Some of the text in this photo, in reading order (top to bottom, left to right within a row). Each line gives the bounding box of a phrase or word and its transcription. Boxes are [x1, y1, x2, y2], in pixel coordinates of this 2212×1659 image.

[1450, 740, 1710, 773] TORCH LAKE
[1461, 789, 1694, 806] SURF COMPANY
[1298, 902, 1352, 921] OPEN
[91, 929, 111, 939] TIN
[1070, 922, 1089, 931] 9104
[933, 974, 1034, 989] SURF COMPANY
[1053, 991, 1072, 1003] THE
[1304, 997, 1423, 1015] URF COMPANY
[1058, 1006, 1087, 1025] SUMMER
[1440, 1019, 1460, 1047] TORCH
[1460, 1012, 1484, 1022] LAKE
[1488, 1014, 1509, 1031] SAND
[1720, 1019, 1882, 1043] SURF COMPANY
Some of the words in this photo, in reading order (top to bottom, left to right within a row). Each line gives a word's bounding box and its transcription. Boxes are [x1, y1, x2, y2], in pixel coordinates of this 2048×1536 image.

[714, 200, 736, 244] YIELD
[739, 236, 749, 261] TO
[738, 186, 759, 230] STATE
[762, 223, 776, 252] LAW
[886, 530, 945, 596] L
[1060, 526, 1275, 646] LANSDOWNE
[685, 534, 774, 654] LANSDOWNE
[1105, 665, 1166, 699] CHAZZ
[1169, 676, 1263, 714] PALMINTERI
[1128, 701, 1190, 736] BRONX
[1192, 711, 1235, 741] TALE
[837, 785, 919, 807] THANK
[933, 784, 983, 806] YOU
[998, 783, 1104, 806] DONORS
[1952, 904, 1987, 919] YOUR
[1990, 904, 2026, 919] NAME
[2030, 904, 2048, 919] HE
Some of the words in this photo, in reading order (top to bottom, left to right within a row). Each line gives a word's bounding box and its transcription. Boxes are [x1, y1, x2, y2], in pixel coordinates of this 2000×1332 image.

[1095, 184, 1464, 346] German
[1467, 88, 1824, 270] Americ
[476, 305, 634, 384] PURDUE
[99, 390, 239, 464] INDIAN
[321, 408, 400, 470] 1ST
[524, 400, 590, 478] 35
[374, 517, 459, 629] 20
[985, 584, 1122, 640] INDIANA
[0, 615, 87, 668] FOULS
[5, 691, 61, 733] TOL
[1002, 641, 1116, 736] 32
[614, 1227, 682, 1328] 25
◇ ◇ ◇ ◇
WHAT IS REQUIRED: Give the listing above again in full, exactly as written.

PROBLEM SOLUTION:
Some of the text in this photo, in reading order (top to bottom, left to right within a row). Each line gives the bounding box of a phrase or word and its transcription. Boxes are [x1, y1, x2, y2], in pixel coordinates of this 2212×1659 image.

[1450, 740, 1710, 773] TORCH LAKE
[1461, 789, 1694, 806] SURF COMPANY
[1298, 902, 1352, 921] OPEN
[91, 929, 111, 939] TIN
[1070, 922, 1089, 931] 9104
[933, 974, 1034, 989] SURF COMPANY
[1053, 991, 1072, 1003] THE
[1304, 997, 1423, 1015] URF COMPANY
[1058, 1006, 1087, 1025] SUMMER
[1440, 1019, 1460, 1047] TORCH
[1460, 1012, 1484, 1022] LAKE
[1488, 1014, 1509, 1031] SAND
[1720, 1019, 1882, 1043] SURF COMPANY
Some of the words in this photo, in reading order (top to bottom, left to right within a row). Each line gives a word's bounding box and its transcription. Boxes are [x1, y1, x2, y2], in pixel coordinates of this 2048×1536 image.

[714, 200, 736, 244] YIELD
[739, 236, 749, 261] TO
[738, 186, 759, 230] STATE
[762, 223, 776, 252] LAW
[886, 530, 945, 596] L
[1060, 526, 1275, 646] LANSDOWNE
[685, 534, 774, 654] LANSDOWNE
[1105, 665, 1166, 699] CHAZZ
[1169, 676, 1263, 714] PALMINTERI
[1128, 701, 1190, 736] BRONX
[1192, 711, 1235, 741] TALE
[837, 785, 919, 807] THANK
[933, 784, 983, 806] YOU
[998, 783, 1104, 806] DONORS
[1952, 904, 1987, 919] YOUR
[1990, 904, 2026, 919] NAME
[2030, 904, 2048, 919] HE
Some of the words in this photo, in reading order (top to bottom, left to right within a row). Each line gives a word's bounding box and its transcription. Boxes are [x1, y1, x2, y2], in pixel coordinates of this 2000×1332 image.

[1095, 184, 1464, 346] German
[1467, 88, 1824, 270] Americ
[476, 305, 634, 384] PURDUE
[99, 390, 239, 464] INDIAN
[321, 408, 400, 470] 1ST
[524, 400, 590, 478] 35
[374, 517, 459, 629] 20
[985, 584, 1122, 640] INDIANA
[0, 615, 87, 668] FOULS
[5, 691, 61, 733] TOL
[1002, 641, 1116, 736] 32
[614, 1227, 682, 1328] 25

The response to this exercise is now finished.